This week’s postcard is a bit unusual as, whilst interesting, the image on the front rather falls outside the purview of this blog: it depicts a pair of French soldiers, an infantryman and a cavalryman:Obviously French military history is not what this blog is interested in, so why is it included? The answer lies on the back where we can see that it was sent by a British soldier home to his wife in England:He has written in pencil ‘On Active Service’ at the top:And it has the stamps indicating that it has been checked by a censor for anything incriminating and that it has been handled by a field post office, the post mark dates it to 4th September 1915:Lieutenant Harry Bundle explains the process of censoring soldiers’ mail:
Censoring is interesting at ﬁrst but it rapidly becomes boring; no letter is allowed to leave without it having been read by an ofﬁcer and franked by him on the envelope; fortunately my platoon do not write very long letters though they write very often. A typical letter starts like this. ‘My Dear Father and Mother, Ellen and Mary, I take pleasure in writing these few lines hoping that you are in the pink as it leaves me at present.’ Many of the men talk awful drivel about cannon balls ﬂying around them, but as a general rule they are short and rather formal letters… The men always write very extravagantly after a spell in the front line – ‘All the ravines were full of dead Germans and Bulgars’, ‘It was absolute Hell!’, ‘I said more prayers then than at all of the Church parades I’ve attended’.”

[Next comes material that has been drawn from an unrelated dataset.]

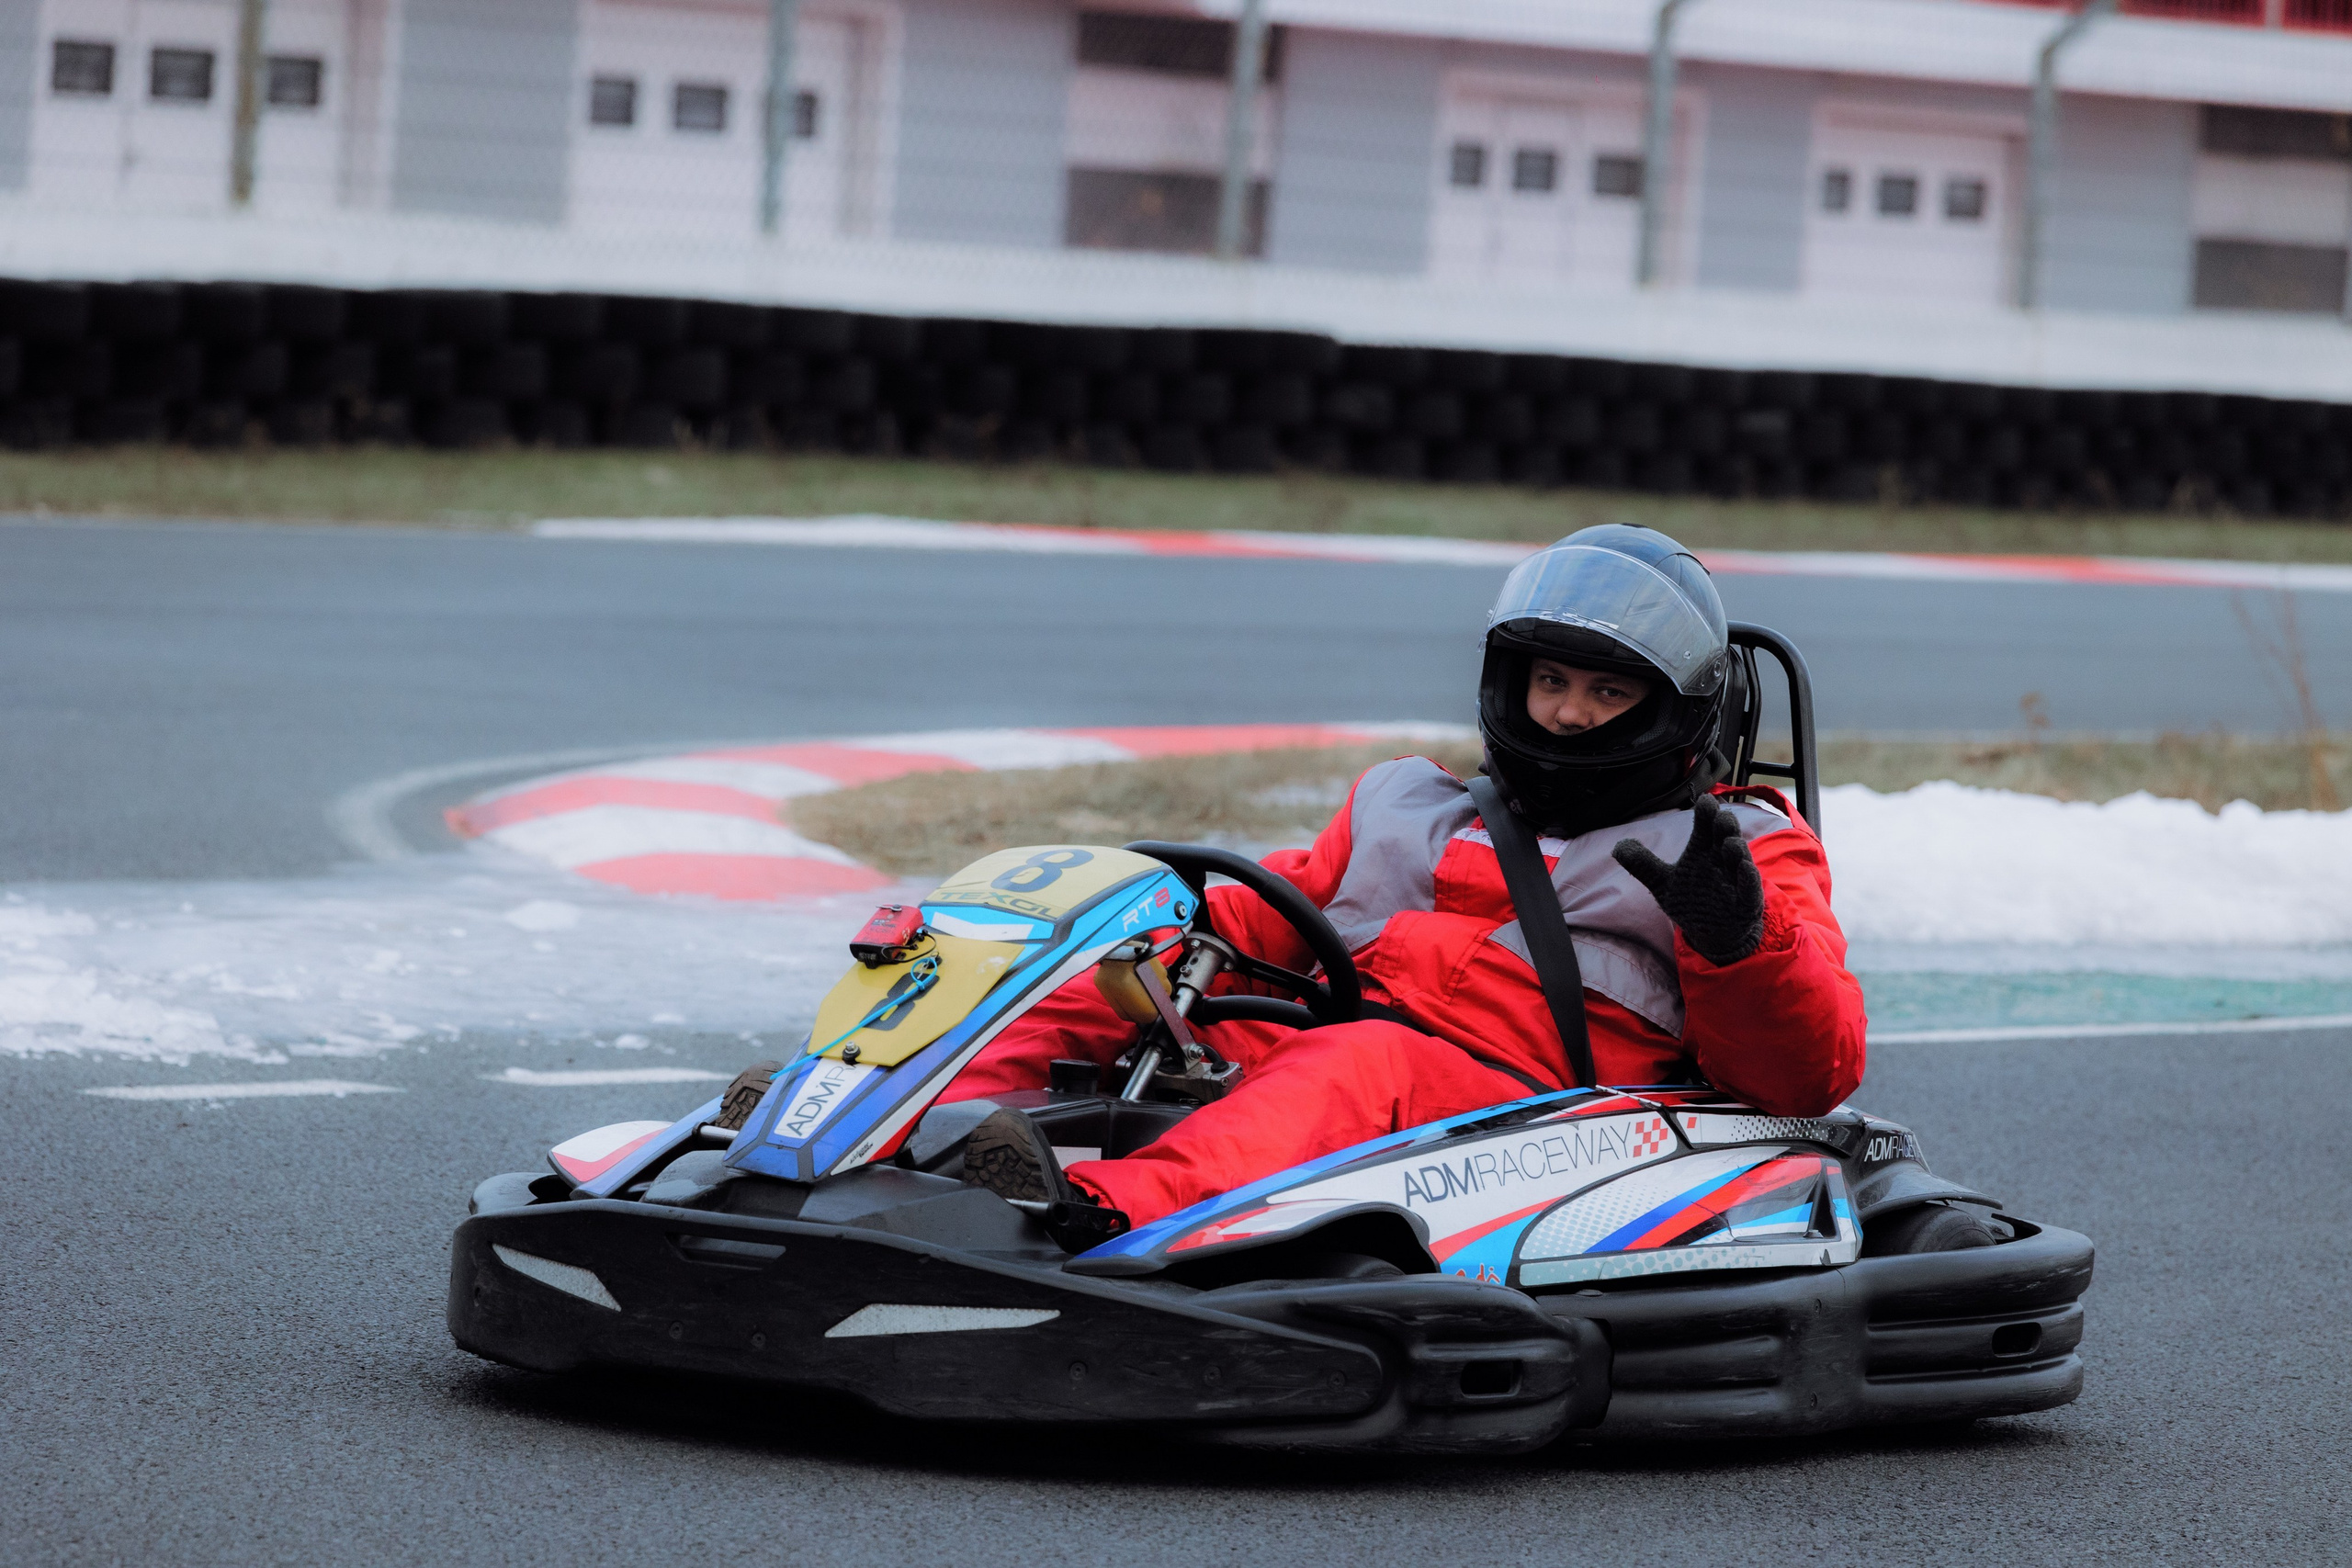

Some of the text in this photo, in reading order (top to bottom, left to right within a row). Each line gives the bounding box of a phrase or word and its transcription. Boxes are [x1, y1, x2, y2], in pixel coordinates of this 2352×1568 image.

[990, 849, 1094, 893] 8
[1122, 886, 1170, 932] RT8
[1402, 1122, 1631, 1208] ADMRACEWAY

The message itself is relatively banal, but the author does write to his other half with the best opener ‘Dear Wife’!The message reads:
Just a line. Hope you are well, give my love to all at home. Will write shortly. Hope you received the cheque okay.
Best Love Frank xxxx
The letter was sent to Mrs F Gregory of Sheffield:Sadly, although following up on a few leads, I have been unable to determine who exactly this Frank Gregory was, hopefully he survived the war and was able to be reunited with his wife.